- _EXERCISE DESCRIPTION_: Return all of the entries below, word for word. Omit each picture.

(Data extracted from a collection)
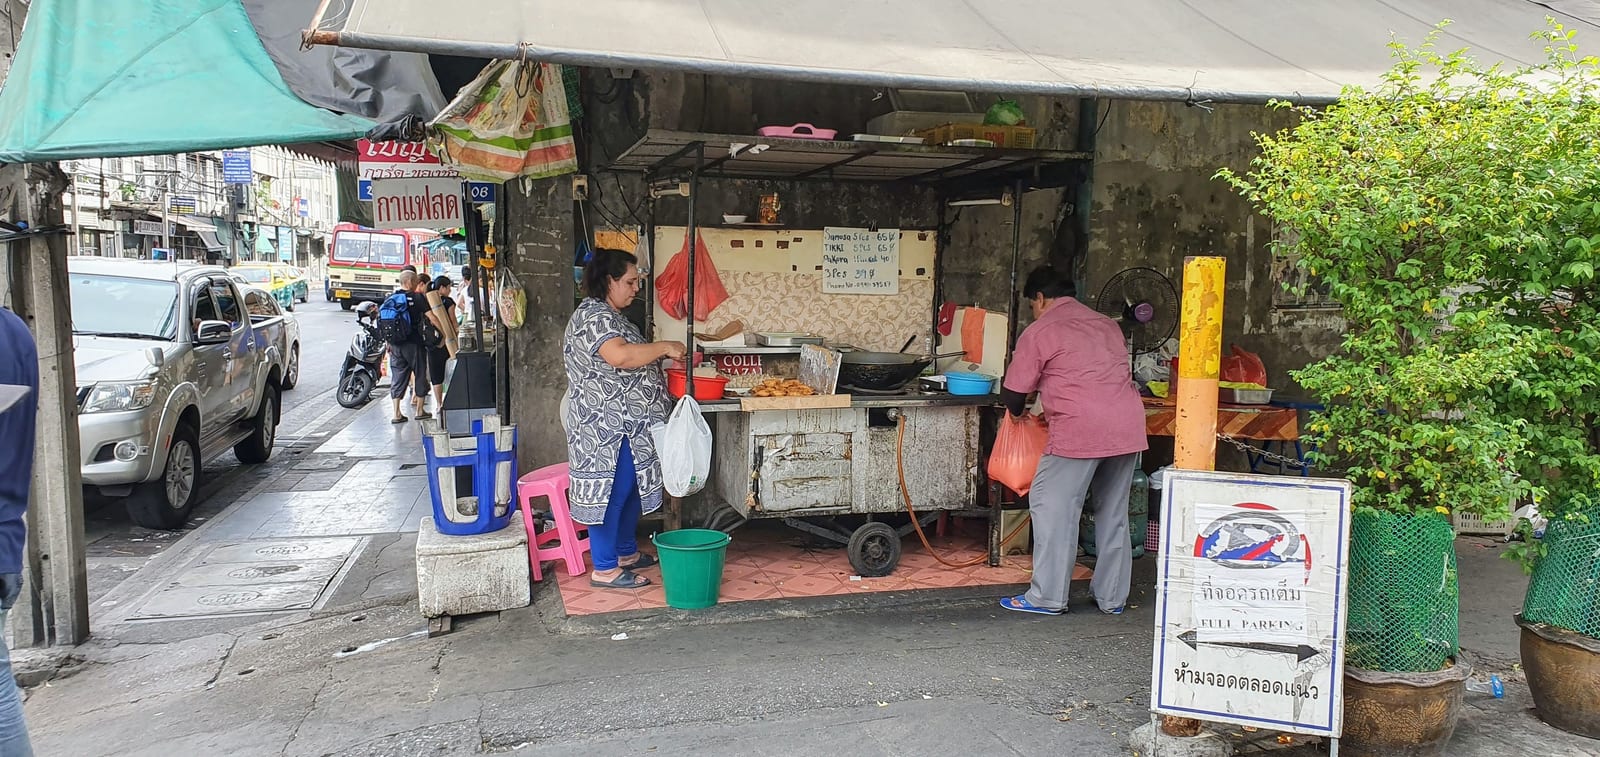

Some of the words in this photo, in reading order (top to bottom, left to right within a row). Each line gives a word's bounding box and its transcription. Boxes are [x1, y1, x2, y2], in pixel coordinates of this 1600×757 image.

[377, 185, 459, 222] กาแฟสด
[824, 228, 851, 242] Samosa
[824, 243, 844, 252] TIKKI
[1201, 575, 1301, 601] ที่จอดรถเต็ม
[1201, 619, 1231, 629] FULL
[1242, 619, 1303, 631] PARKING
[1173, 661, 1320, 700] ห้ามจอดตลอดแนว

- _EXPECTED ANSWER_:
Some of the words in this photo, in reading order (top to bottom, left to right within a row). Each line gives a word's bounding box and its transcription. Boxes are [x1, y1, x2, y2], in pixel coordinates of this 1600×757 image.

[377, 185, 459, 222] กาแฟสด
[824, 228, 851, 242] Samosa
[824, 243, 844, 252] TIKKI
[1201, 575, 1301, 601] ที่จอดรถเต็ม
[1201, 619, 1231, 629] FULL
[1242, 619, 1303, 631] PARKING
[1173, 661, 1320, 700] ห้ามจอดตลอดแนว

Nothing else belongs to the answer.